Atualizado em 26 de fevereiro de 2020 às 15:19
Pedro Serrano

Há uma maneira eficaz de o presidente Jair Bolsonaro escapar da possibilidade de ser denunciado por crime de responsabilidade, conforme a Lei do Impeachment (Lei 1.079 / 50), por convocar o povo, ou parcela dele, a participar de ato contra uma instituição da república, neste caso o Congresso Nacional. Sua única saída é “desconvocar” o movimento marcado para 15 de março. Assim entende o advogado criminal Roberto Tardelli, procurador de Justiça aposentado em São Paulo.

Ao DCM, Tardelli até aponta uma justificativa oportuna para Bolsonaro retroceder da perigosa concitação via rede social: a necessidade de se evitarem aglomerações por causa da chegada do coronavírus ao Brasil, após a confirmação do primeiro caso de paciente contaminado no país. “Será uma boa desculpa”, diz o advogado.

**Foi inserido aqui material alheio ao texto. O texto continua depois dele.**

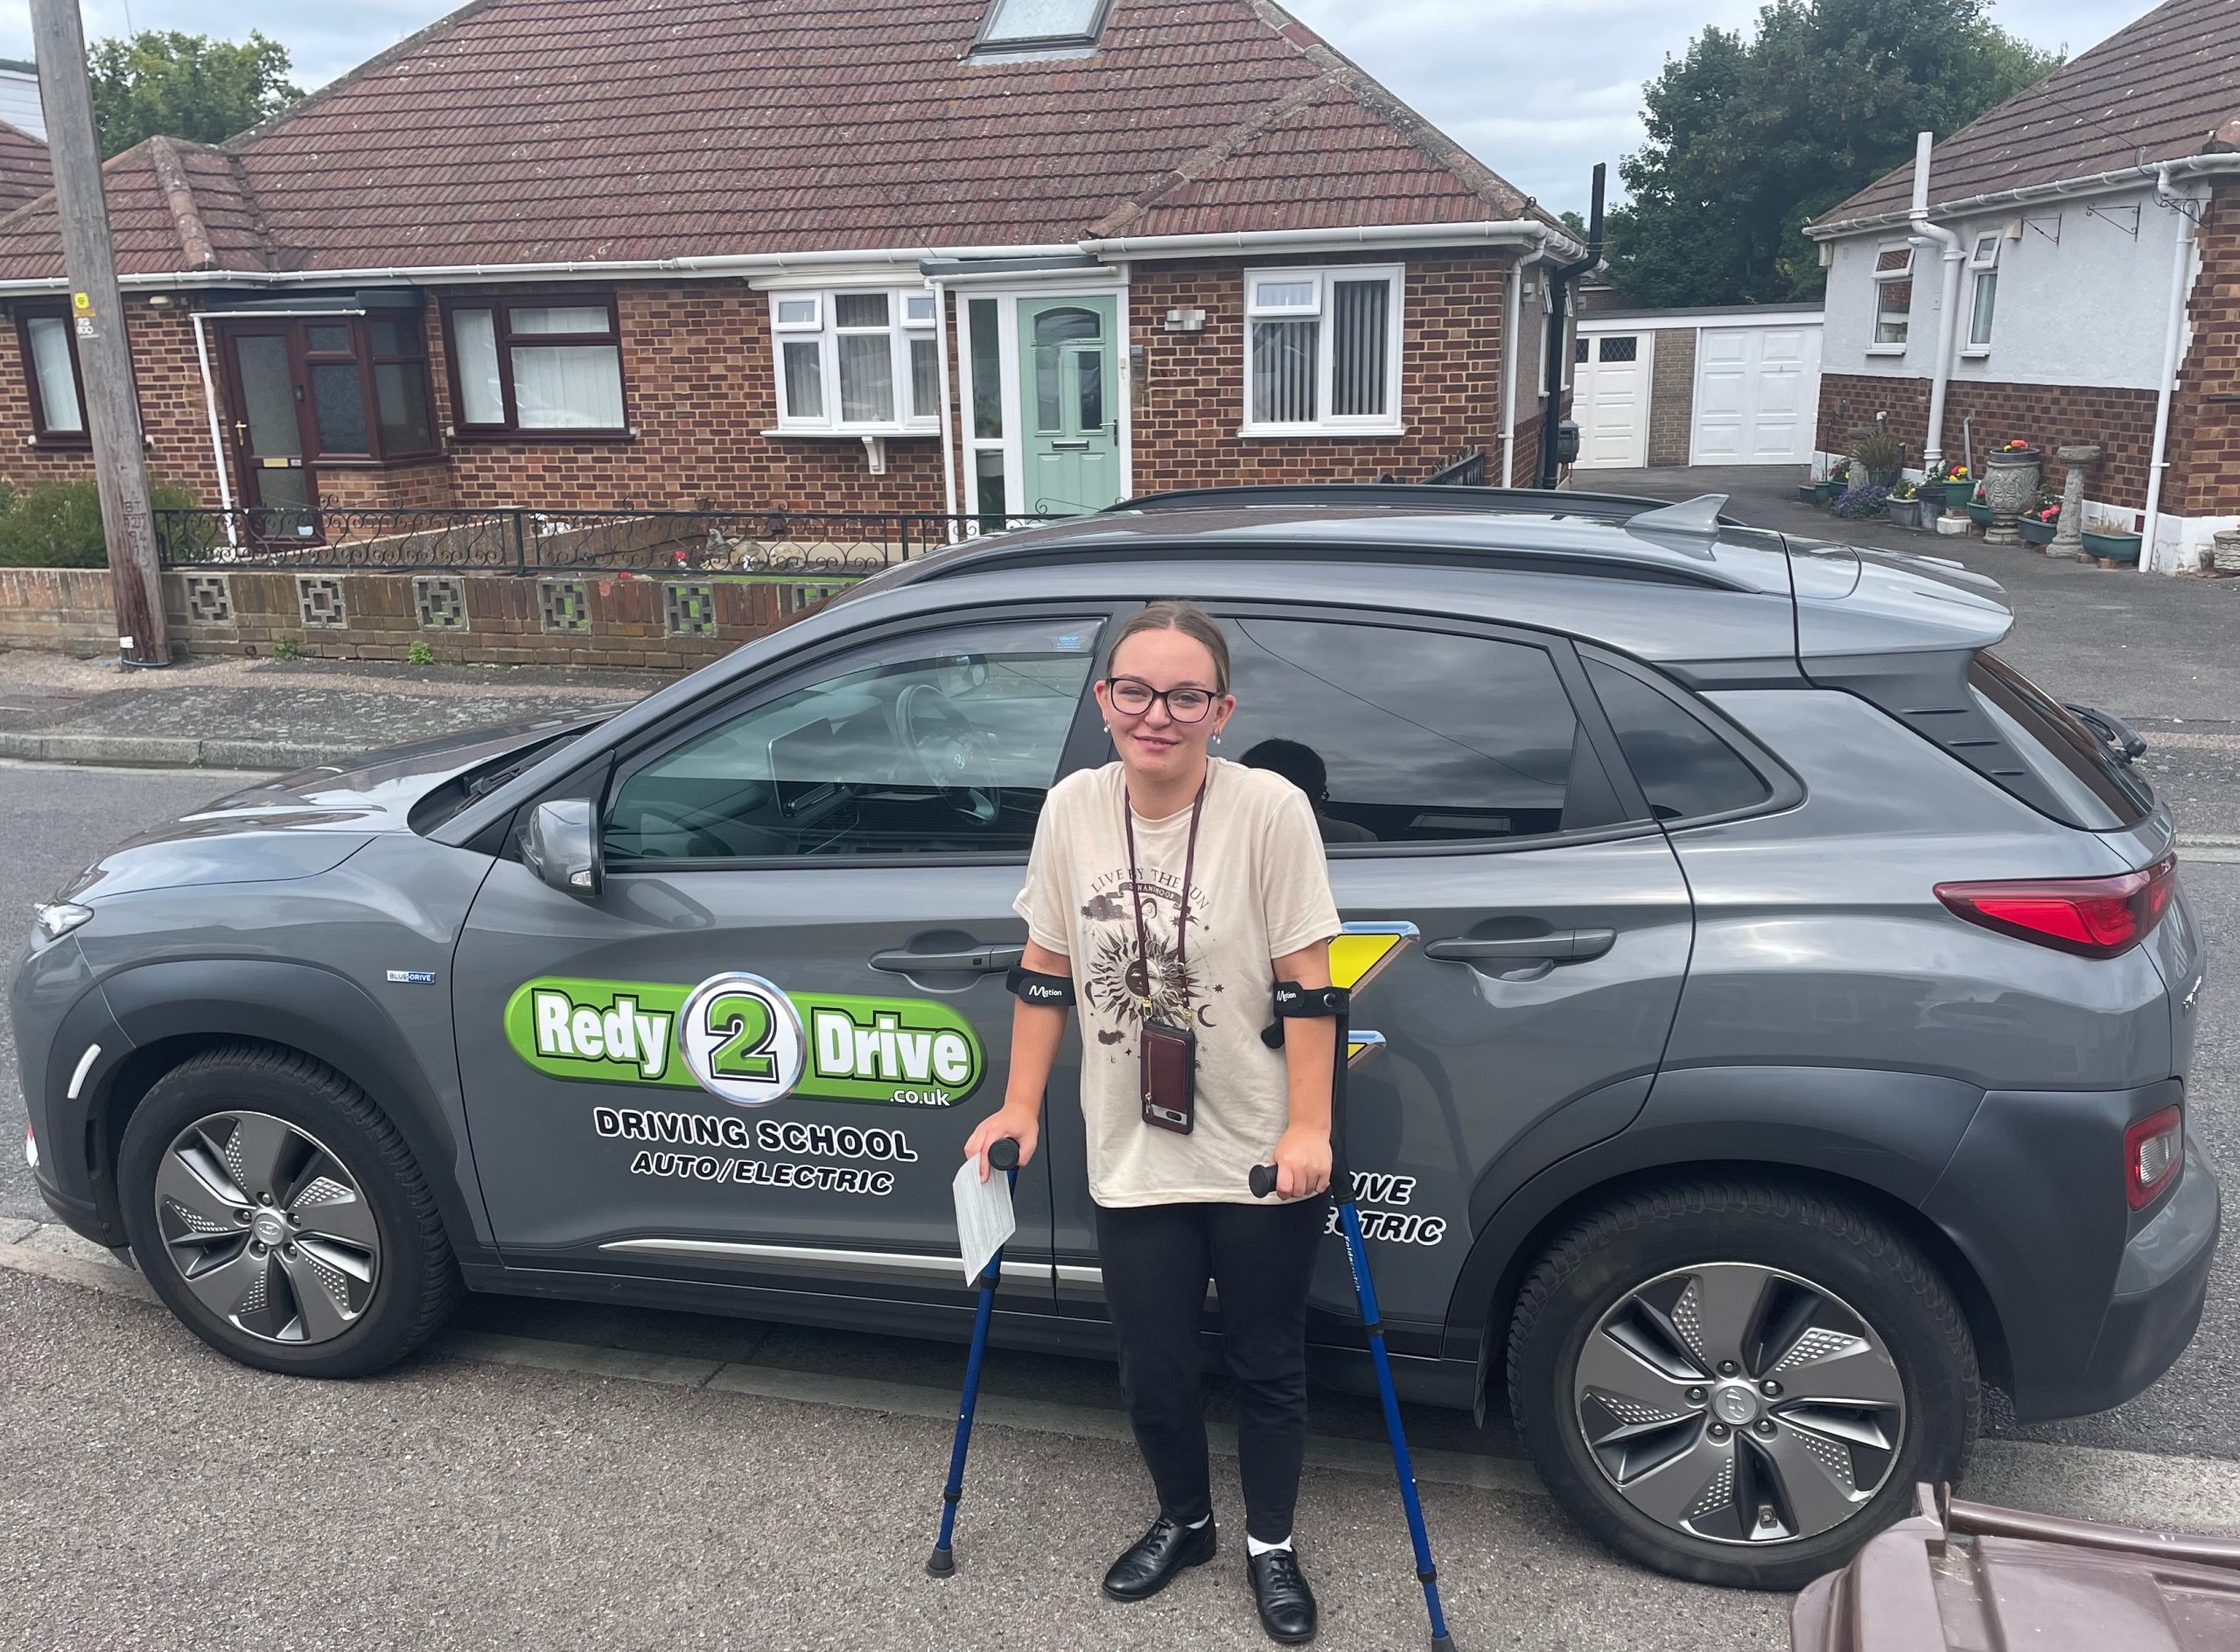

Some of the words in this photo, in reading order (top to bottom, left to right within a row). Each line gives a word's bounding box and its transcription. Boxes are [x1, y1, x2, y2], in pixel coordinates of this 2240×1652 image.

A ser observada a letra da lei, de nada adiantará Bolsonaro desestimular seus ministros de propagarem o ato contra a democracia, como fez intramuros nesta quarta-feira (26). Sem uma desmobilização pedida publicamente, o ataque à ordem democrática estará lavrado.

Segundo Roberto Tardelli, Jair Bolsonaro consagra-se como um contumaz cometedor de crimes de responsabilidade. “Há várias modalidades de crime de responsabilidade, mas a pena é sempre a mesma: a perda do cargo. Isso vale tanto para modalidade tentada quanto para a modalidade consumada”, explica.

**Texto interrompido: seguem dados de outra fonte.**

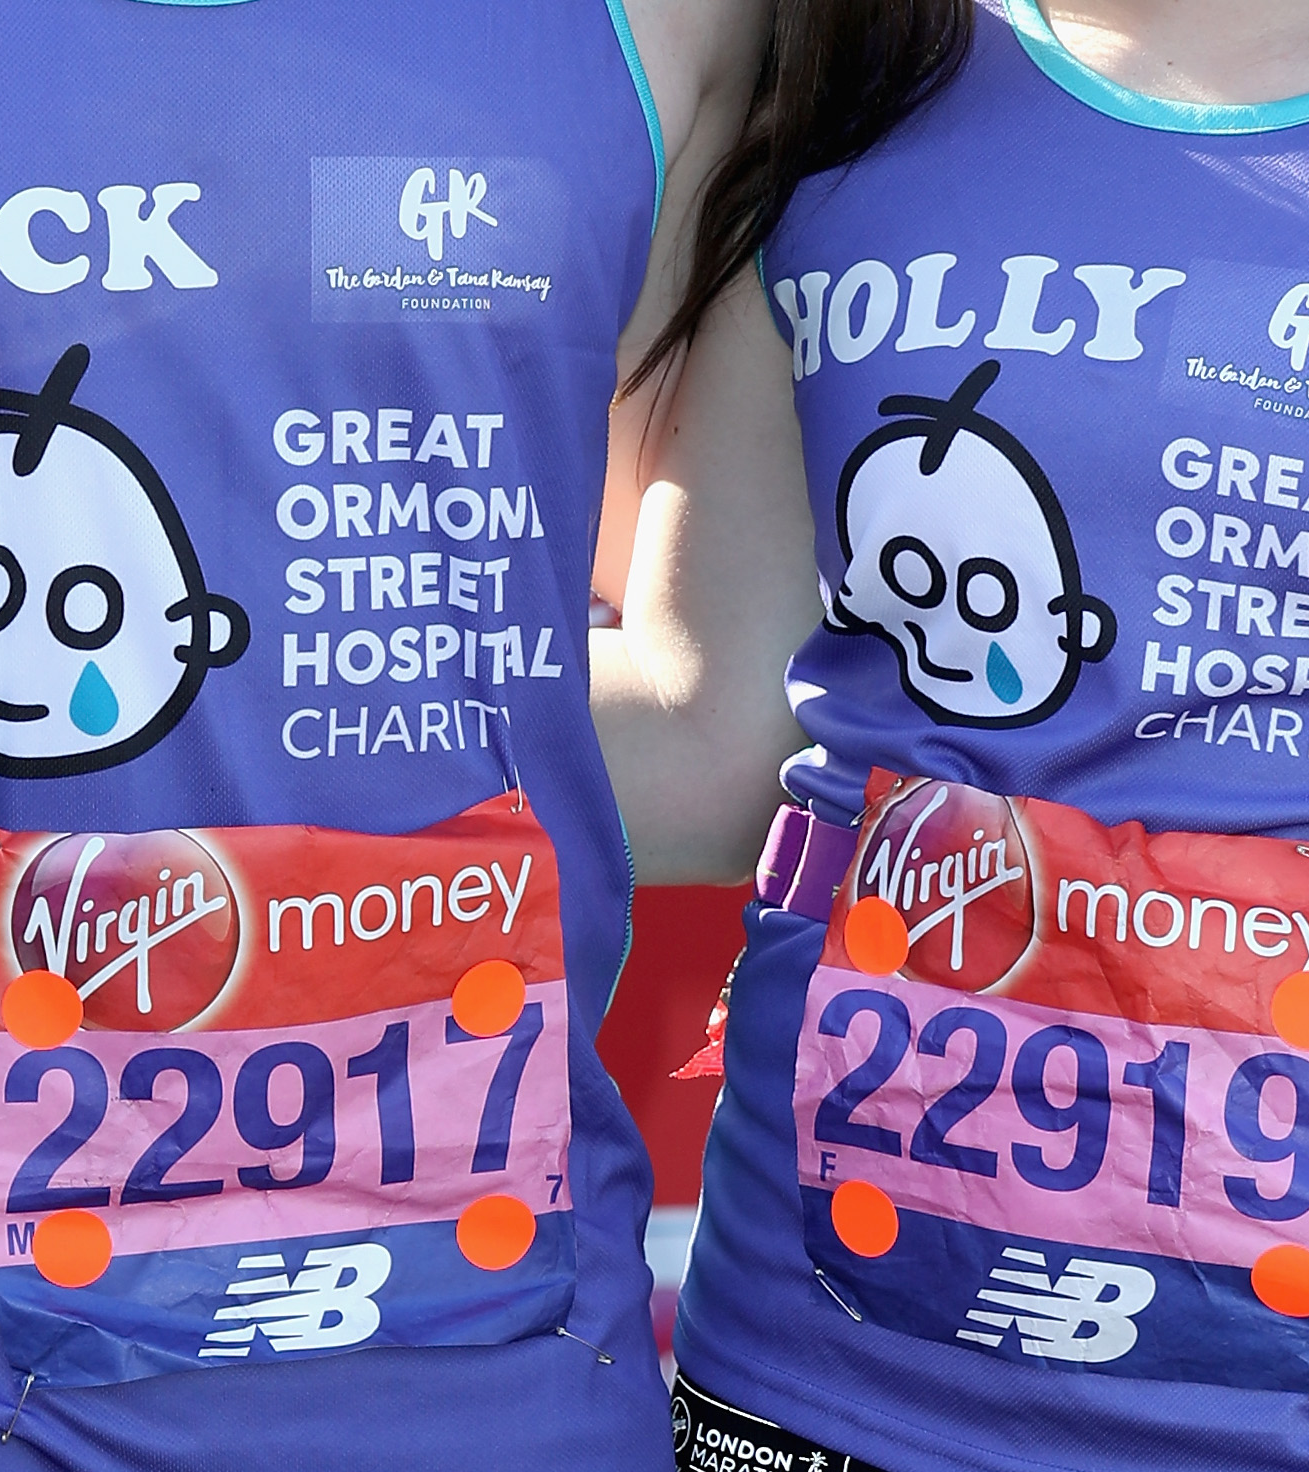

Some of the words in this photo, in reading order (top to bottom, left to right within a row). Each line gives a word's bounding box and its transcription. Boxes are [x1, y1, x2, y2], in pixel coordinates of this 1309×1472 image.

[398, 167, 498, 261] GR
[326, 266, 360, 290] The
[363, 266, 424, 291] Gordon
[427, 269, 443, 286] &
[446, 267, 489, 288] Tana
[492, 269, 552, 302] Ramsay
[402, 297, 491, 310] FOUNDATION
[773, 252, 1186, 382] HOLLY
[1186, 356, 1218, 380] The
[1219, 363, 1282, 391] Gordon
[1284, 377, 1302, 394] &
[273, 408, 504, 469] GREAT
[284, 552, 511, 615] STREET
[283, 624, 564, 687] HOSPITAL
[865, 785, 1024, 971] Virgin
[24, 836, 227, 1014] Virgin
[269, 855, 532, 952] money
[6, 1000, 544, 1213] 22917
[545, 1174, 563, 1204] 7
[818, 1151, 837, 1183] F
[696, 1422, 793, 1472] LONDON

“O presidente comete crime de responsabilidade quando convoca um ato que tem nítida natureza de tentar impedir o funcionamento do Congresso Nacional. Também o comete quanto sataniza parte do Supremo Tribunal federal como responsável pelas desditas do país. Tentar mudar a Constituição de forma violenta também é crime de responsabilidade. Pode-se escolher o tipo de crime de responsabilidade cometido pelo presidente”, observa Tardelli.

De modo sumário, o jurista Lênio Streck fez coro a Tardelli em conversa com o DCM: “Em sendo verdadeira a manifestação do presidente a favor dos atos de 15 de março contra o Parlamento (e é), pode haver enquadramento na Lei do Impeachment”.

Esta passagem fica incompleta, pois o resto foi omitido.